S’il est désormais établi que le fumeur de pipes moyen est un consommateur de tabacs dopé aux arômes, on peut supposer sans grand risque de se tromper qu’une majorité des auteurs des soixante-quatre mille commentaires publiés sur Tobaccoreviews.com ne sont pas exactement des adversaires intransigeants des infusions et des sauces, d’autant plus que les Américains ont toujours été des consommateurs enthousiastes d’aromatics.

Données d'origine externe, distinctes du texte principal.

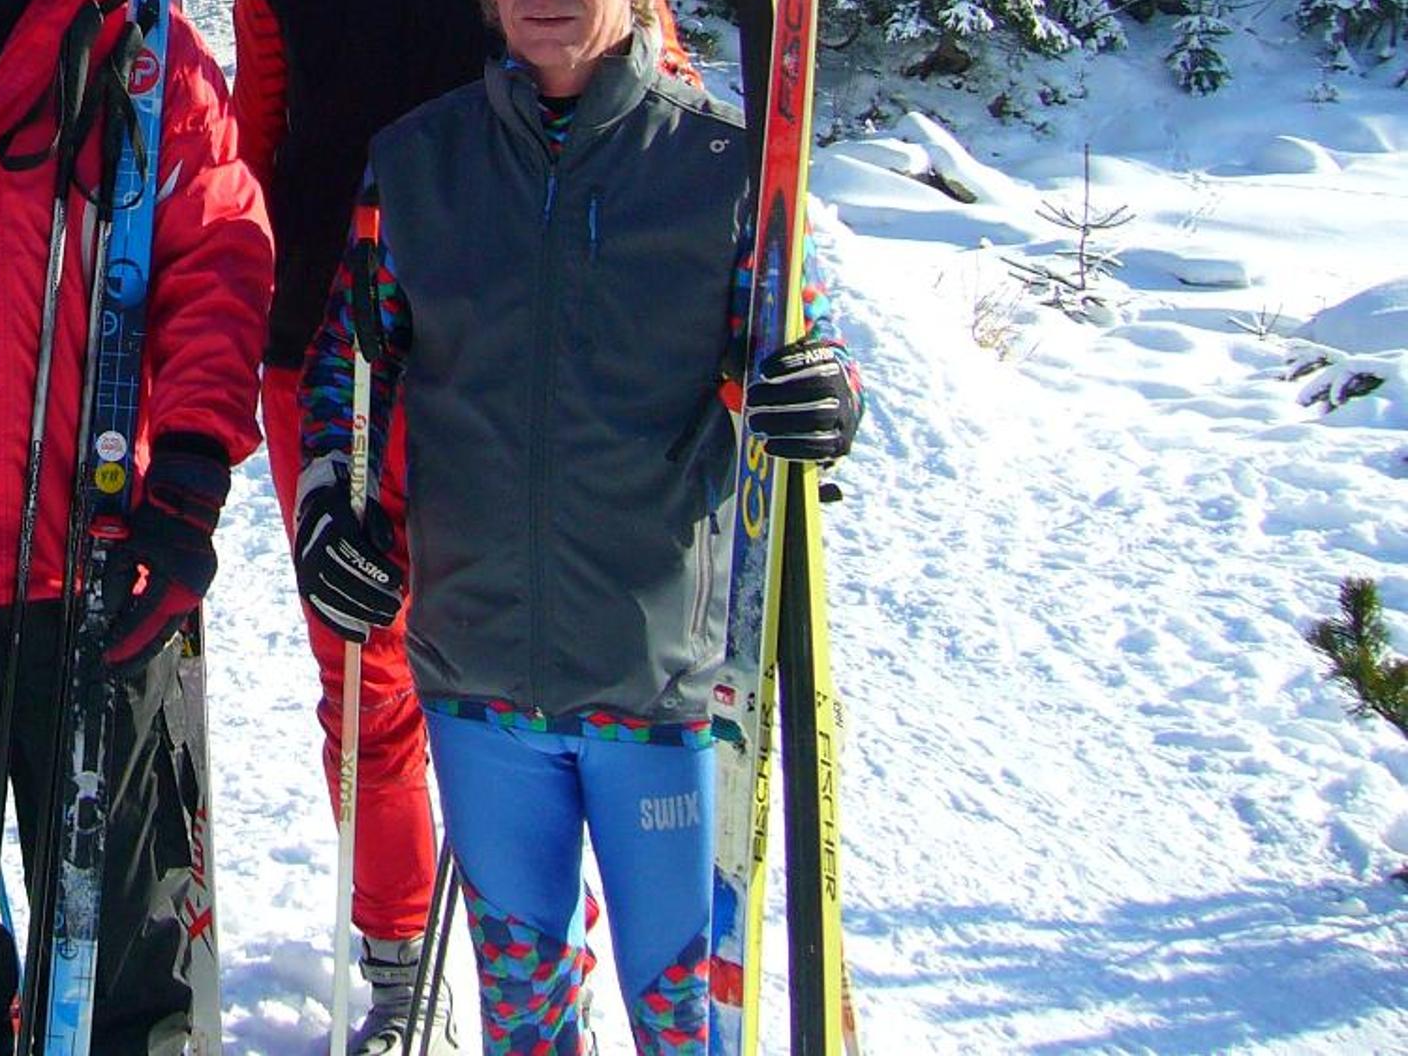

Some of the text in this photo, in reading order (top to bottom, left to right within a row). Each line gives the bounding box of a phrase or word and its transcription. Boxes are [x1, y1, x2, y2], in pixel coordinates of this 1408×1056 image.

[640, 791, 699, 831] SWIX
[753, 702, 773, 863] FISCHER
[817, 729, 836, 902] FISCHER

On ne peut pas dire non plus que les dégustateurs qui s’expriment sur ce site, prennent un malin plaisir à taper à coups de massue sur les tabacs qu’ils n’apprécient pas. Au contraire, l’indulgence y est vraiment de mise puisque sur les 5600 mélanges répertoriés, seulement 64 n’atteignent pas la cote fatidique de 2 sur 4. Or, une petite analyse de l’incontournable banque de données qu’est Tobaccoreviews, confirme objectivement et indéniablement mes propos exprimés ci-dessus : très peu d’aros sont vraiment excellents et beaucoup d’aros sont tout simplement mauvais.

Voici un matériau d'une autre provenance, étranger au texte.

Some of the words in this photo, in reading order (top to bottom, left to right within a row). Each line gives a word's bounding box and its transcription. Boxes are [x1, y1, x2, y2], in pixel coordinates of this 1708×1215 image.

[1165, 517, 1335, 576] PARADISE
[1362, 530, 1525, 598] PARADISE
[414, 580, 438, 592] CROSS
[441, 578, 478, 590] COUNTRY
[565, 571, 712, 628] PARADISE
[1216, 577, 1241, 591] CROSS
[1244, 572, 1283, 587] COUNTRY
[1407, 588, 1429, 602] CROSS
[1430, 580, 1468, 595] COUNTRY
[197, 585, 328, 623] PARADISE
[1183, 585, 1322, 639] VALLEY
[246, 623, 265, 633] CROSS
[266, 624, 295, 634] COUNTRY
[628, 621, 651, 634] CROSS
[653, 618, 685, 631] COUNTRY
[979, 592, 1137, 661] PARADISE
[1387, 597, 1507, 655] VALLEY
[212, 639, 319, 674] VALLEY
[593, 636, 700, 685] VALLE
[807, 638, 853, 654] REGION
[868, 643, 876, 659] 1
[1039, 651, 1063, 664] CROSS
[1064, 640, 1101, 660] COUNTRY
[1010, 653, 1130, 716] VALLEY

21 tabacs obtiennent le score parfait de 4 sur 4. Parmi ces 21 mélanges, il n’y a que 2 aros, soit seulement 9,5%. Viennent ensuite 155 blends hautement recommandés qui, même s’ils ne sont pas jugés parfaits, sortent du lot puisque leur score se situe entre 3,9 et 3,6. Parmi ces 155 favoris, on ne compte que 30 aros, c’est-à-dire 19% du total.

Examinons maintenant l’autre bout de l’échelle. Malgré l’évidente bienveillance des dégustateurs, 64 mélanges sont recalés puisqu’ils obtiennent un score inférieur à 2 sur 4. De ces 64 tabacs, il y en a 52 qui sont des aros, soit 81%. Et c’est pareil quand le moteur de recherche du site vous donne la liste complète des tabacs Not recommended. Sur les 94 tabacs répertoriés, 76 ne sont pas naturels, ce qui revient encore une fois à 81%.

Conclusion ? Pourquoi en formuler une ? Les chiffres parlent d’eux-mêmes et ne mentent pas. Affaire classée.